Gilda faz questão de enfatizar seu currículo: é neuropsicóloga e já trabalhou no Hospital das Clínicas, em São Paulo. Foi pioneira na educação especial em São Bernardo. Diz que o Estado a escolheu por causa da qualidade da instituição que ela gere, que tem mais de 20 anos no mercado. Pergunto, então, se ela acha que os autistas teriam dificuldades de adaptação ali. Em minha mente, ela responderia que não, que os profissionais poderiam lidar bem com isso e coisas desse tipo, e por isso a resposta me surpreende:


- Sim, eles teriam, até porque é uma característica da síndrome. Pais já me procuraram dizendo que adoraram a minha escola, mas que não querem tirar seus filhos, já adaptados, do local onde estudam.

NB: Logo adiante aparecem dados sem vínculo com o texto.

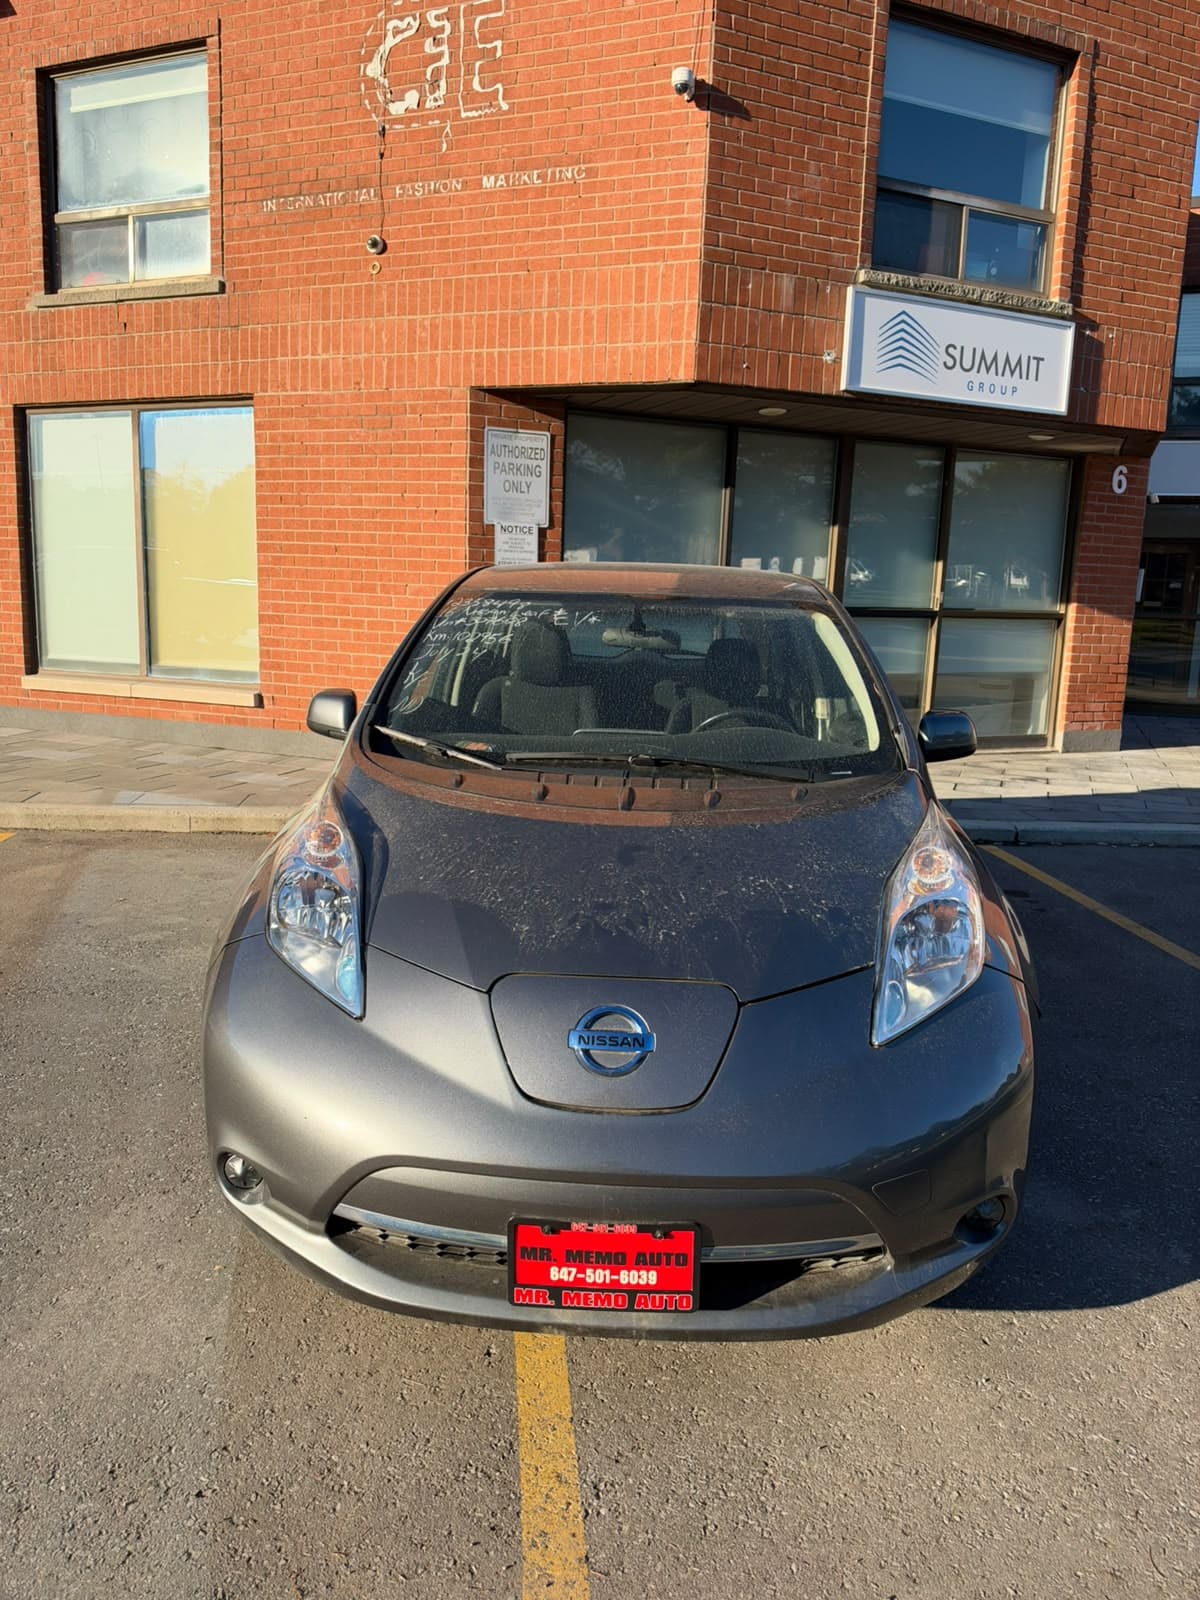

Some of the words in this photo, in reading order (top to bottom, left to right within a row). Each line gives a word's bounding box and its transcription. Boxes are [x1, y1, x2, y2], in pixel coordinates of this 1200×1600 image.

[262, 187, 378, 212] INERNATIONAL
[395, 178, 463, 198] FASHION
[482, 166, 586, 189] MARKETING
[942, 343, 1045, 382] SUMMIT
[966, 380, 1019, 397] GROUP
[490, 444, 546, 461] AUTHORIZED
[493, 462, 542, 478] PARKING
[503, 480, 532, 494] ONLY
[1111, 465, 1128, 494] 6
[500, 525, 534, 535] NOTICE
[578, 1034, 645, 1048] NISSAN
[520, 1247, 557, 1262] MR.
[565, 1249, 627, 1266] MEMO
[634, 1252, 689, 1267] AUTO
[549, 1266, 658, 1285] 647-501-6039
[513, 1287, 555, 1305] MR.
[562, 1290, 628, 1309] MEMO
[634, 1293, 693, 1311] AUTO

Eu digo que tenho certeza de que eles se adaptariam aqui também, mas claro que isso leva tempo, e alguns pais não estão dispostos a passar novamente por todo o transtorno de mudar o filho de escola.


É esse sofrimento que Alba, profissão mãe do Lucas, quer evitar.

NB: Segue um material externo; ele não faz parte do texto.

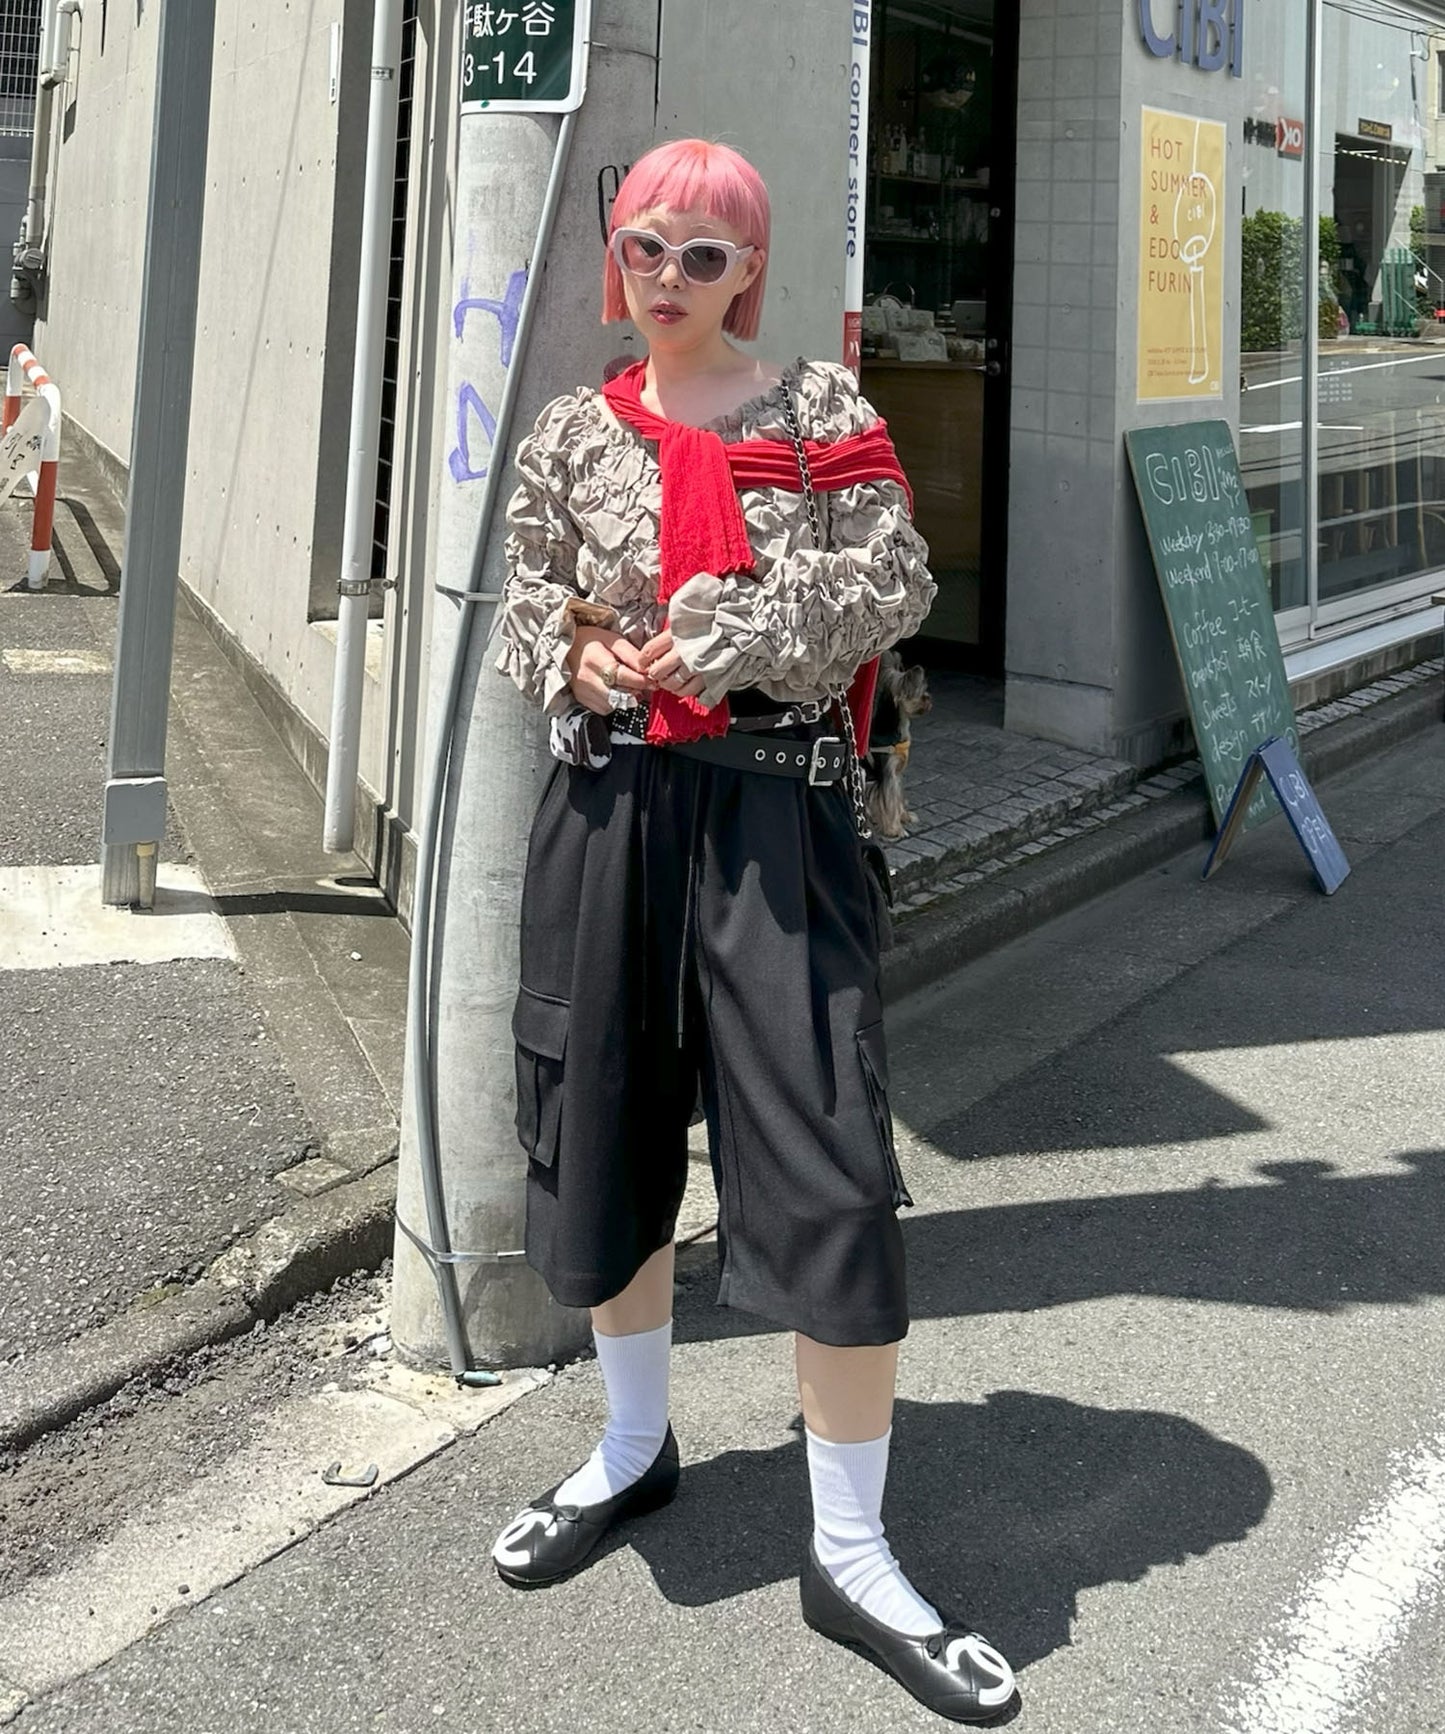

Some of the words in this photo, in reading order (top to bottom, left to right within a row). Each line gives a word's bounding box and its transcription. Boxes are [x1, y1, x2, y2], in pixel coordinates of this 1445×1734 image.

[1141, 0, 1243, 78] CIBI
[464, 51, 537, 86] 3-14
[850, 62, 861, 166] corner
[1150, 138, 1183, 162] HOT
[1151, 170, 1207, 198] SUMMER
[846, 177, 859, 258] store
[1150, 204, 1159, 225] &
[1149, 237, 1181, 260] EDO
[1148, 270, 1192, 294] FURIN
[1145, 445, 1219, 505] CIBI
[1184, 609, 1227, 648] Coffee

- Me sinto revoltada, porque quero manter meu filho aqui e tenho esse direito. Imagina a dificuldade para mudar o Lucas de escola?


O tom de voz que Alba usa para falar sobre o assunto deixa claro seu instinto protetor em relação ao filho. A mãe sabe que ele precisa de cuidados especiais. Quando visitamos a sala de aula de Lucas, seus olhos brilham de orgulho.


- Ele se parece comigo, você vai reconhecer facinho!


Realmente Lucas tem os traços da mãe. Alba tem luzes no cabelo, mas é possível enxergar, por debaixo das mechas loiras, a mesma cor dos fios do menino. Os olhos também são parecidos, e até mesmo o formato dos rostos se confunde.


Lucas está entretido fazendo um desenho. Alba diz que o filho gosta de fotos, mas o menino fica um pouco retraído com a presença da fotógrafa que me acompanha. Por isso ela pede que ele vá até a sala na qual conversávamos antes. É lá que Lucas se senta ao meu lado e observa, à sua maneira, a continuidade de nossa conversa, já com gravadores desligados.


- Vou entrar na Justiça. Quero garantir o direito do meu filho de estudar no lugar que escolhi.


Alba me lembra uma leoa, capaz de fazer tudo por sua cria. Por mais que isso possa parecer clichê, é essa a imagem que vem a minha mente. Por estar disposta a tudo, é possível que a mãe consiga garantir um direito previsto em determinação judicial, mas não sem muita luta, como é de (mau) costume em terras tupiniquins.


A última questãoLucas assobia. Pega a tinta guache amarela e colore uma borboleta com a ajuda de uma professora. Estala a língua. Está mais a vontade com as fotos. Mesmo sem se comunicar, está feliz onde está. Para quê, então, tirá-lo dali?